- The problem
Please output exactly the lines below, starting at the line that has "this 1600×1066 image." and ending at the line that has "this 1600×900 image.", both included; leave out all pictures and include nothing else.
━━ Data extracts
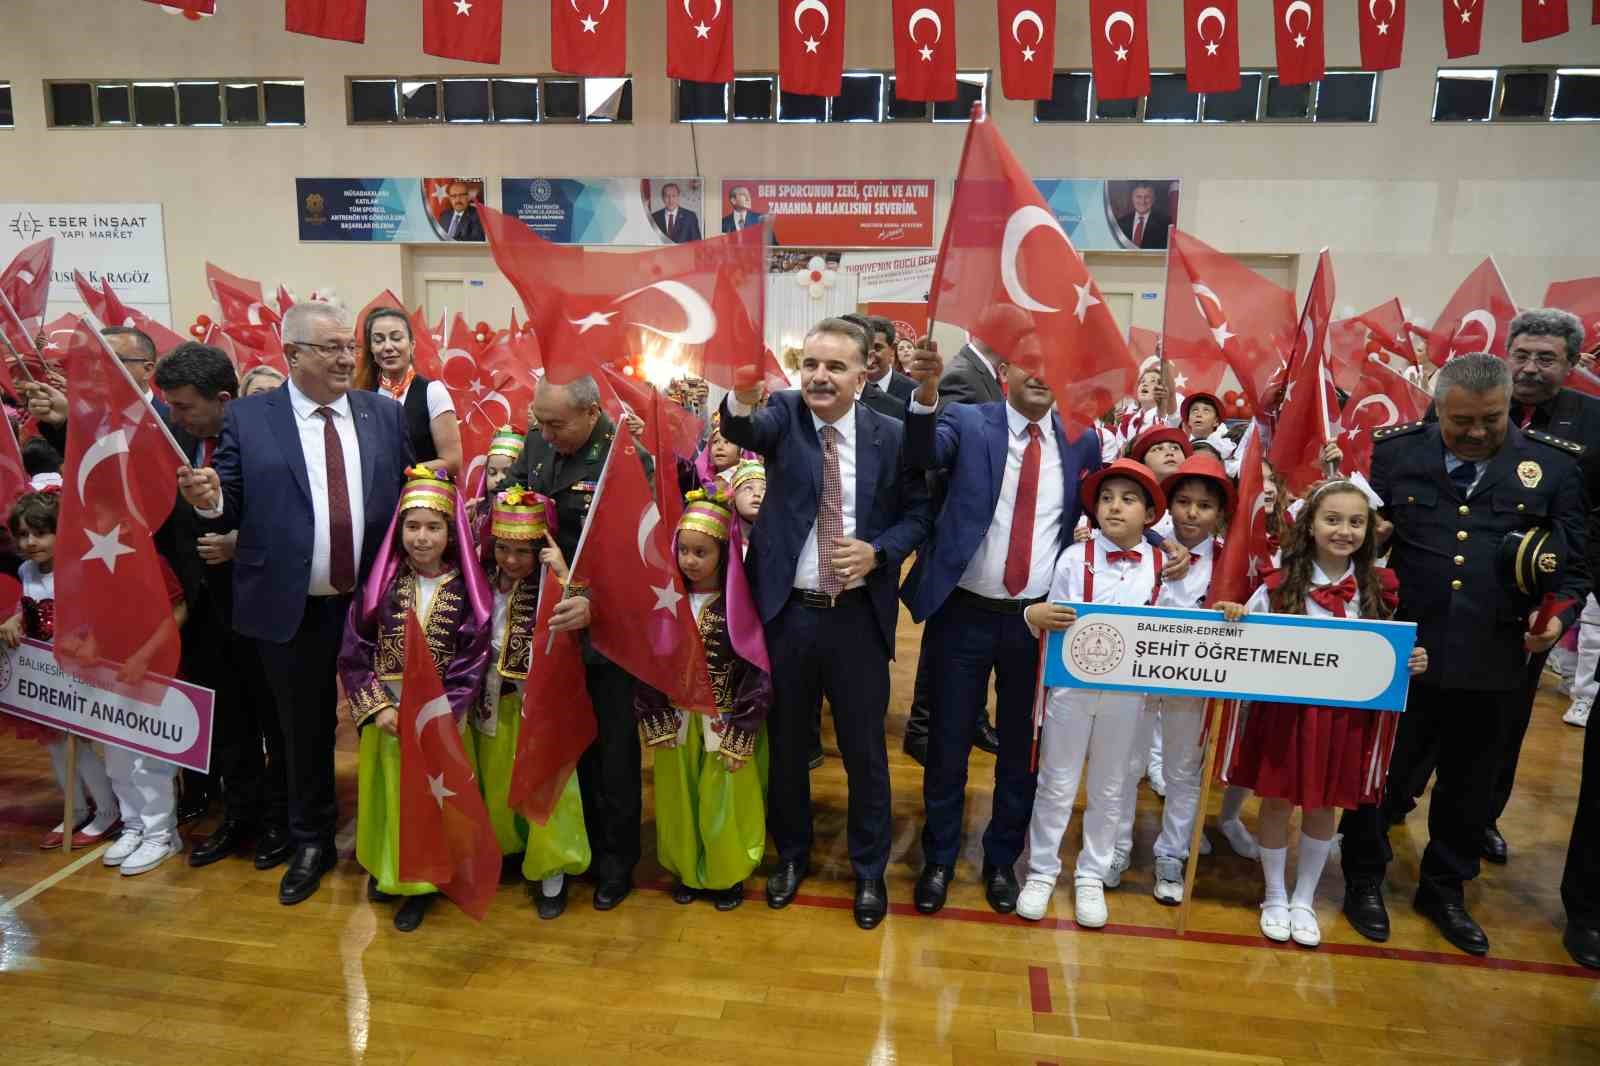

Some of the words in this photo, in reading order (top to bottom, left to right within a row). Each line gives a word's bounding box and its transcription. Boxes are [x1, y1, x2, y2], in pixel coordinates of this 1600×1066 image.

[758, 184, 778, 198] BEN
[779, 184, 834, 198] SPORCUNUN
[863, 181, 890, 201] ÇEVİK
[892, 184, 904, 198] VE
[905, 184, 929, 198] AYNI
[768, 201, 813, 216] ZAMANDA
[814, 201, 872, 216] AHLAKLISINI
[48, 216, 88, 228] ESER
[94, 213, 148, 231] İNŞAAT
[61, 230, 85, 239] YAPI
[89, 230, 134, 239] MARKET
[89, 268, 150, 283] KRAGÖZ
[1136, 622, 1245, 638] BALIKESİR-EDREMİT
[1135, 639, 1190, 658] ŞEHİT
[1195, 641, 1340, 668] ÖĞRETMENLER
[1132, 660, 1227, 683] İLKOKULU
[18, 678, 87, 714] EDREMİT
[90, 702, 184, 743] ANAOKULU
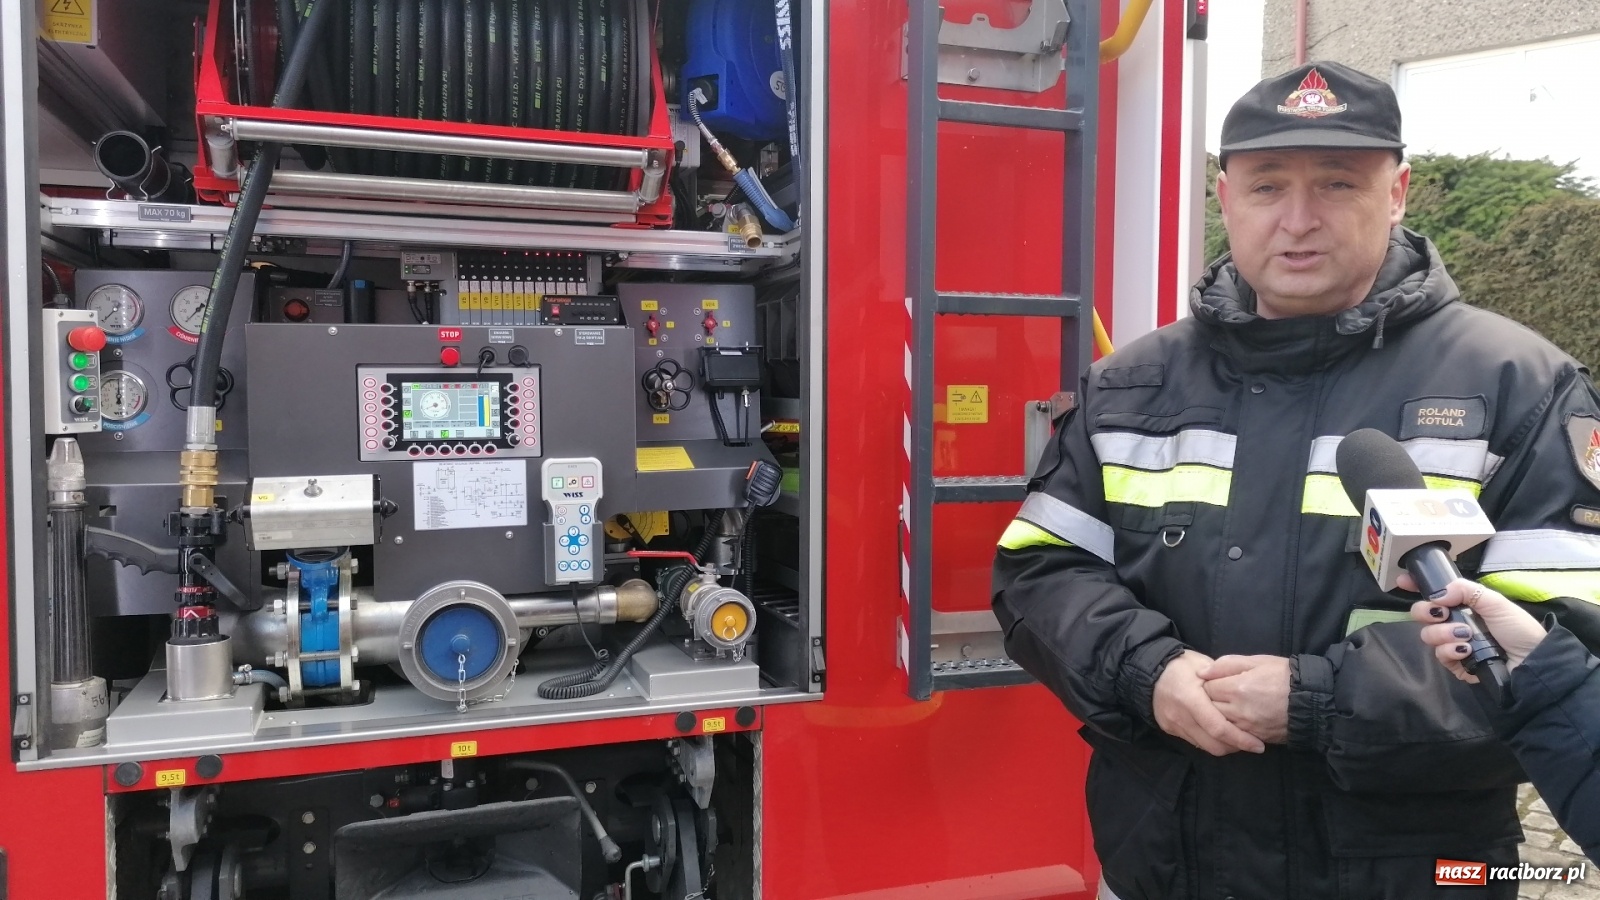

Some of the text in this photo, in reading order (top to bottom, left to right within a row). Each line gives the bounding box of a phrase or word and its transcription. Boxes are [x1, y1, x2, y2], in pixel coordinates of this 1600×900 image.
━━━━
━━ Data extracts
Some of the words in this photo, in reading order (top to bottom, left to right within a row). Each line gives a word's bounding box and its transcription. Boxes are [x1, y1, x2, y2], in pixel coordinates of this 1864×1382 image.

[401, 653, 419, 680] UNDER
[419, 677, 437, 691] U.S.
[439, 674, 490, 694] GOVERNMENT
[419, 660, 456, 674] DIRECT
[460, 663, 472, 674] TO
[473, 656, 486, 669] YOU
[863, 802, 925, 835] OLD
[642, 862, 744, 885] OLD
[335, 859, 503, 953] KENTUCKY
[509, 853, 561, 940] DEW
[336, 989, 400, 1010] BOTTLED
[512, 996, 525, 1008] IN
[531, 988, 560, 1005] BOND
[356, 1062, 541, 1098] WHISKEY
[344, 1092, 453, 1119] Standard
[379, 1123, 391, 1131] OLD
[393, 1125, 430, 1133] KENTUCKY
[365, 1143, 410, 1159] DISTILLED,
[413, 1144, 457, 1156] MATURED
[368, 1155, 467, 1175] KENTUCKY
━━━━
━━ Data extracts
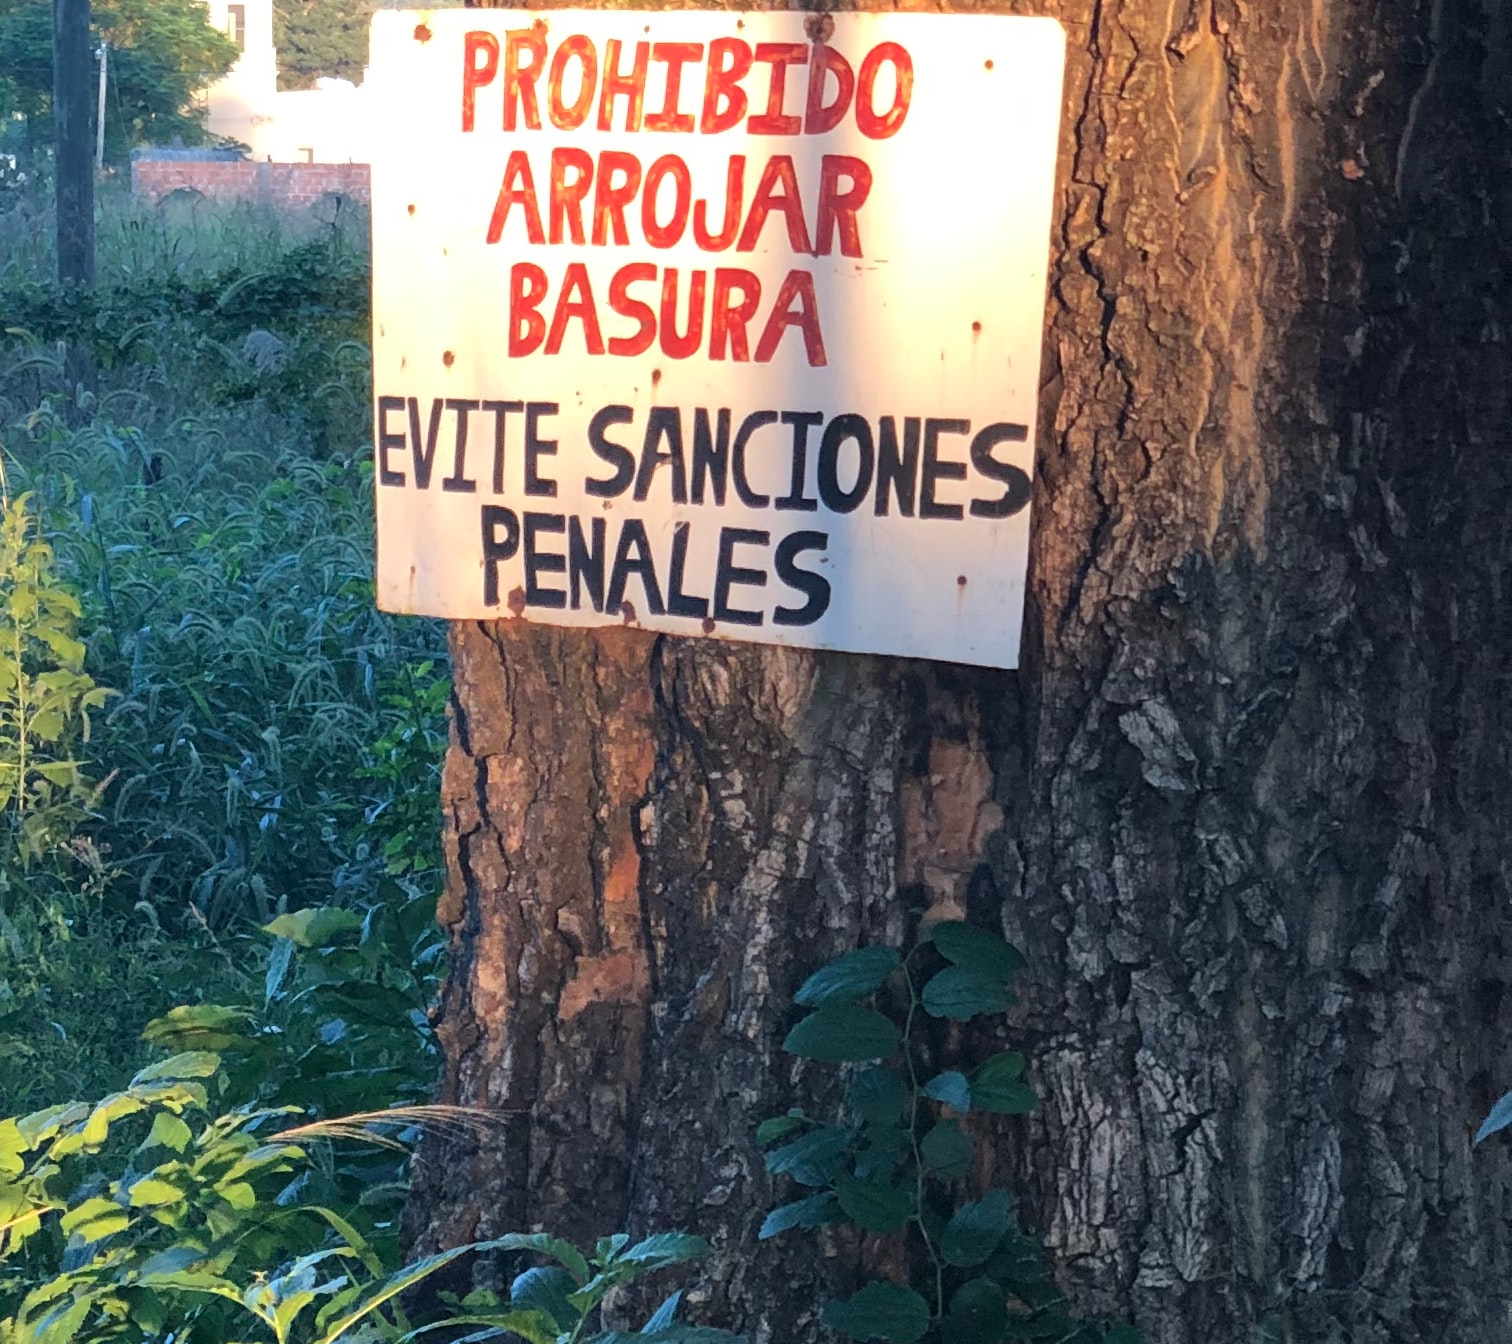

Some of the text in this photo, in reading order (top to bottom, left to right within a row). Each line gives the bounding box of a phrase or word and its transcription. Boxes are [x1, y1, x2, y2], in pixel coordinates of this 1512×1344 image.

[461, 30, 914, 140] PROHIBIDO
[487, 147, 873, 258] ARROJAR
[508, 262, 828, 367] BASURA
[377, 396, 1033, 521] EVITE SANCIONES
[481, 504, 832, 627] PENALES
━━━━
- Result for this exercise
Some of the words in this photo, in reading order (top to bottom, left to right within a row). Each line gives a word's bounding box and its transcription. Boxes are [x1, y1, x2, y2], in pixel coordinates of this 1600×1066 image.

[758, 184, 778, 198] BEN
[779, 184, 834, 198] SPORCUNUN
[863, 181, 890, 201] ÇEVİK
[892, 184, 904, 198] VE
[905, 184, 929, 198] AYNI
[768, 201, 813, 216] ZAMANDA
[814, 201, 872, 216] AHLAKLISINI
[48, 216, 88, 228] ESER
[94, 213, 148, 231] İNŞAAT
[61, 230, 85, 239] YAPI
[89, 230, 134, 239] MARKET
[89, 268, 150, 283] KRAGÖZ
[1136, 622, 1245, 638] BALIKESİR-EDREMİT
[1135, 639, 1190, 658] ŞEHİT
[1195, 641, 1340, 668] ÖĞRETMENLER
[1132, 660, 1227, 683] İLKOKULU
[18, 678, 87, 714] EDREMİT
[90, 702, 184, 743] ANAOKULU

Some of the text in this photo, in reading order (top to bottom, left to right within a row). Each line gives the bounding box of a phrase or word and its transcription. Boxes are [x1, y1, x2, y2], in pixel coordinates of this 1600×900 image.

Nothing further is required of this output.